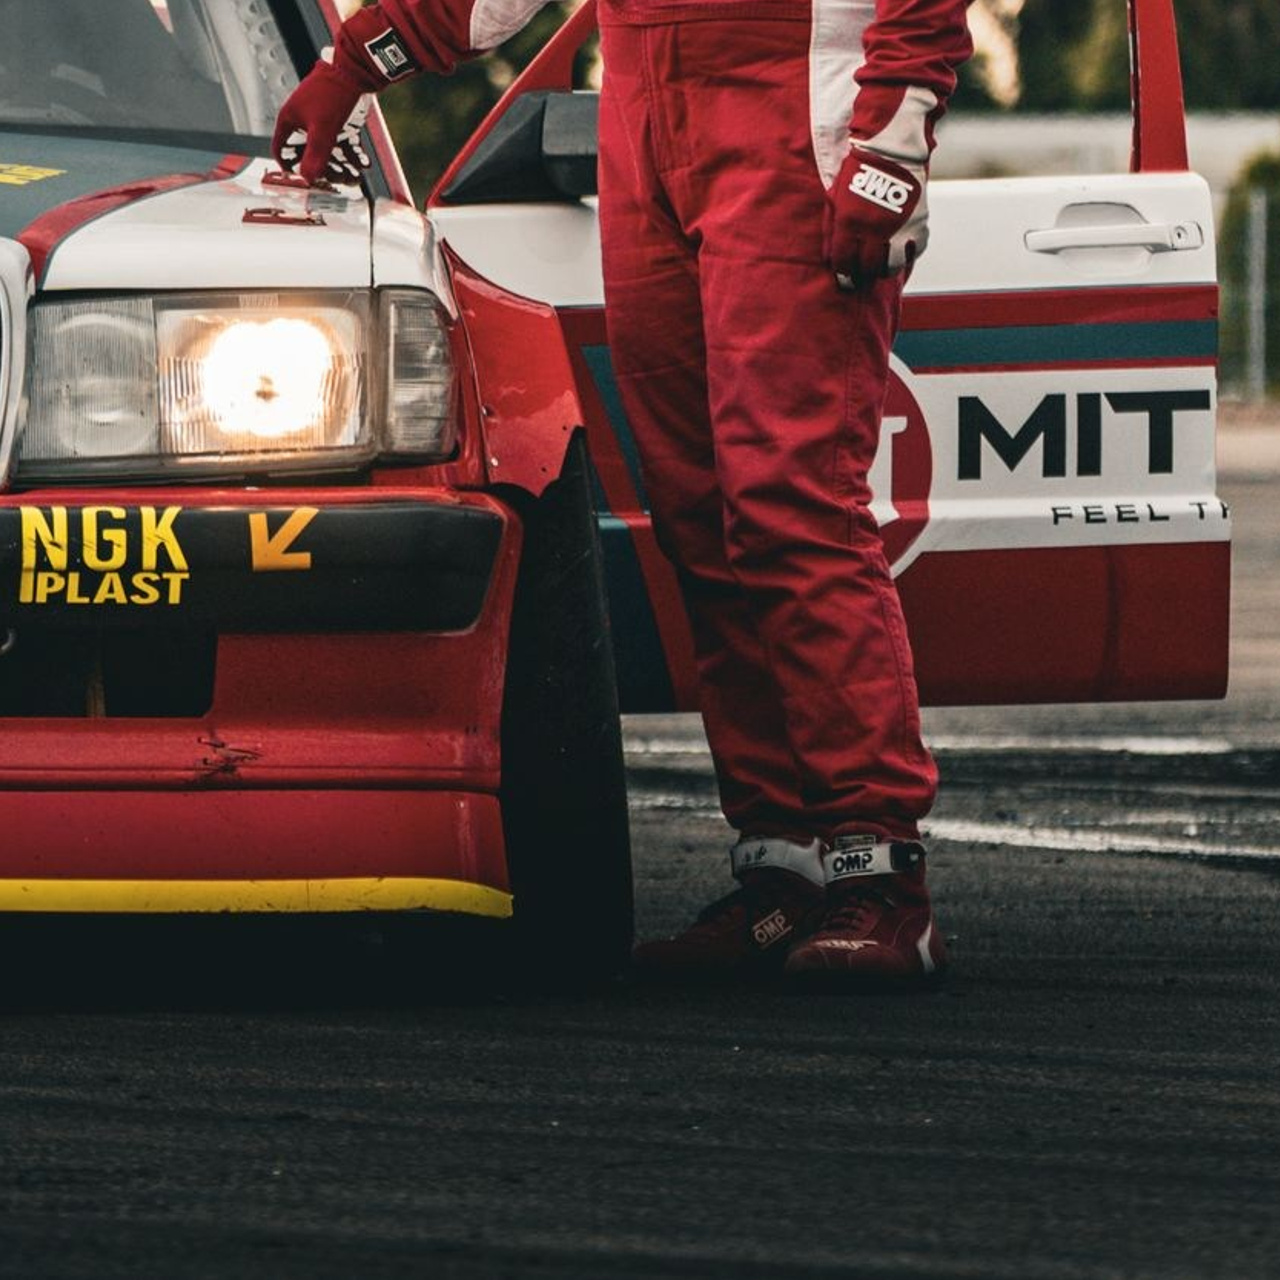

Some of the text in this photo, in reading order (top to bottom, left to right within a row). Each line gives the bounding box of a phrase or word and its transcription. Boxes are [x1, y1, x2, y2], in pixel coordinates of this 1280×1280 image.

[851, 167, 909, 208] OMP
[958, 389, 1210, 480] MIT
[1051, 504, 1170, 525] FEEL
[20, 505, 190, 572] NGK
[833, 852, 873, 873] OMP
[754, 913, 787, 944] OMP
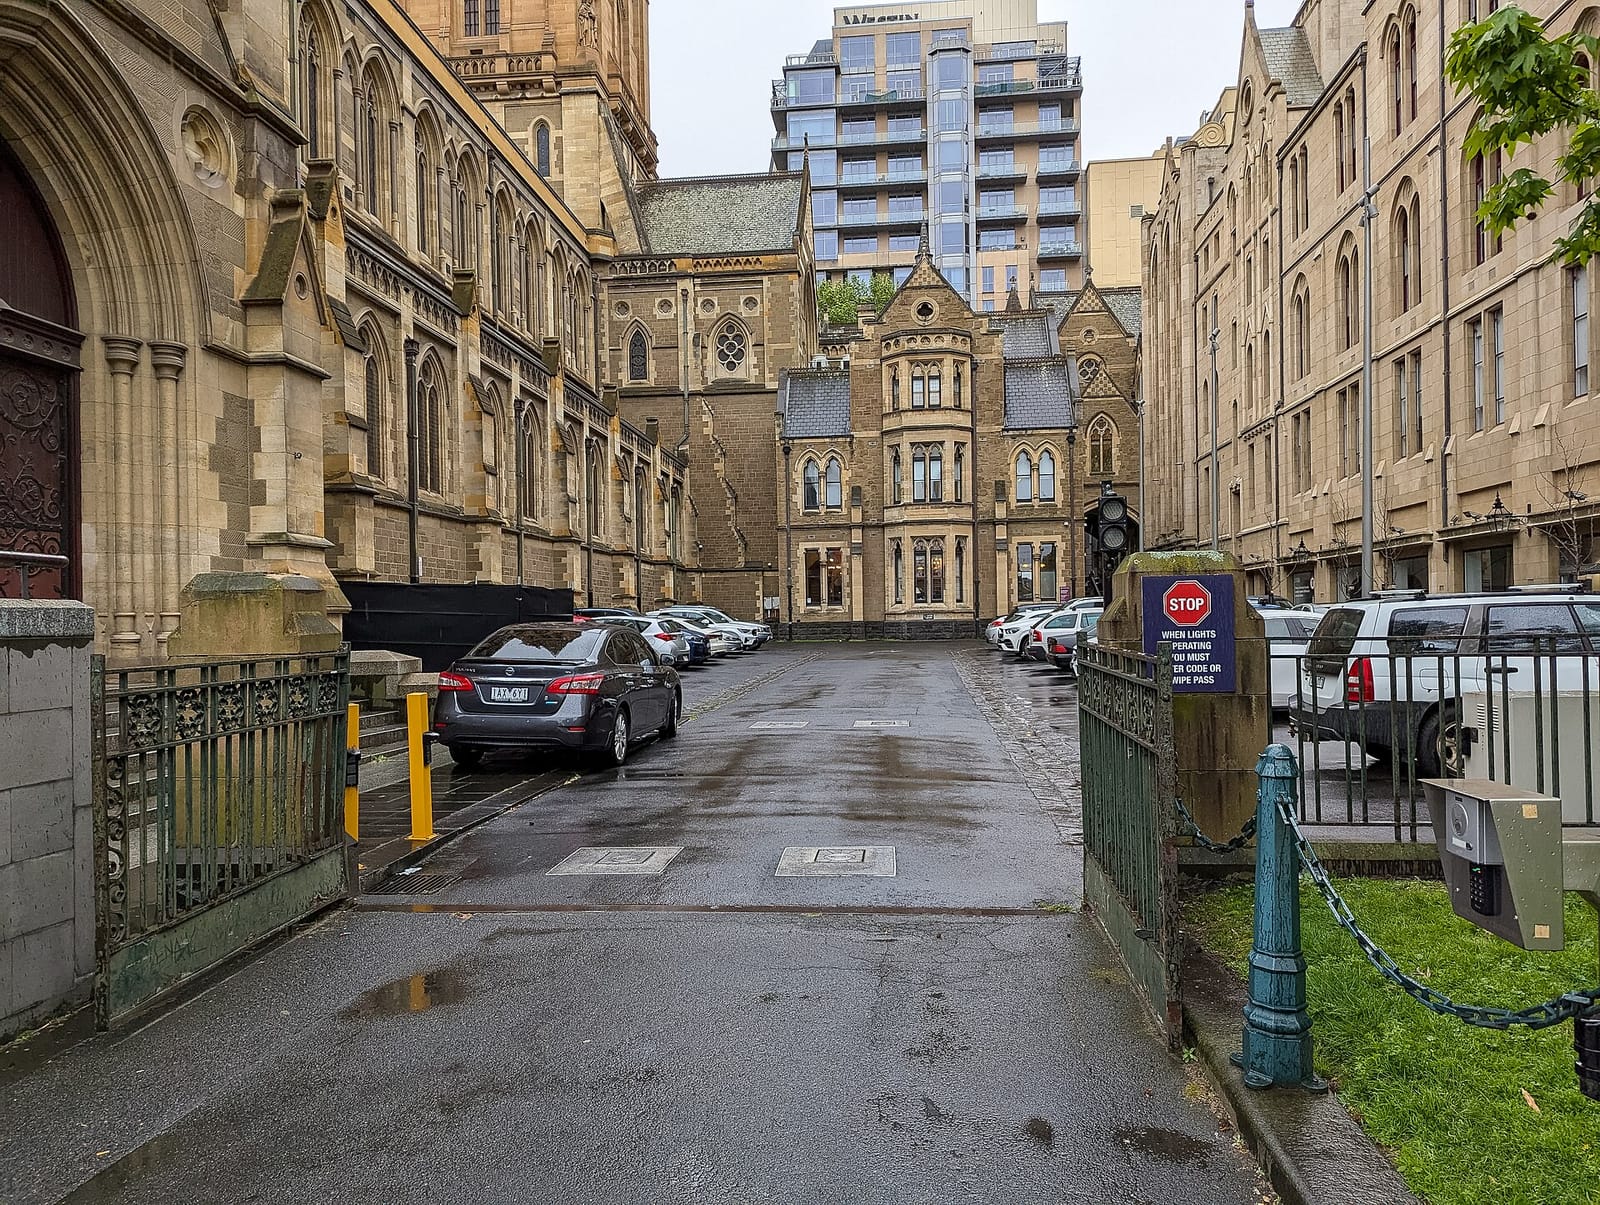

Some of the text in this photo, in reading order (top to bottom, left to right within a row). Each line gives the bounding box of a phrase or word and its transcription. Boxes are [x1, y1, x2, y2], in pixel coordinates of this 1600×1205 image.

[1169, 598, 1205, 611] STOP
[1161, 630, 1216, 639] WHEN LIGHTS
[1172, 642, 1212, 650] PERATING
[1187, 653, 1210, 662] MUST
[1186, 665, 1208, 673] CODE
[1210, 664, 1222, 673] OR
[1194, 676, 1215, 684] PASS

__The problem__
Every record, word for word, should be given back without its pictures.

__Result of this exercise__
Some of the text in this photo, in reading order (top to bottom, left to right within a row). Each line gives the bounding box of a phrase or word and its transcription. Boxes are [x1, y1, x2, y2], in pixel coordinates of this 1280×1280 image.

[851, 167, 909, 208] OMP
[958, 389, 1210, 480] MIT
[1051, 504, 1170, 525] FEEL
[20, 505, 190, 572] NGK
[833, 852, 873, 873] OMP
[754, 913, 787, 944] OMP

Some of the text in this photo, in reading order (top to bottom, left to right within a row). Each line gives the bounding box of a phrase or word and its transcription. Boxes are [x1, y1, x2, y2], in pixel coordinates of this 1600×1205 image.

[1169, 598, 1205, 611] STOP
[1161, 630, 1216, 639] WHEN LIGHTS
[1172, 642, 1212, 650] PERATING
[1187, 653, 1210, 662] MUST
[1186, 665, 1208, 673] CODE
[1210, 664, 1222, 673] OR
[1194, 676, 1215, 684] PASS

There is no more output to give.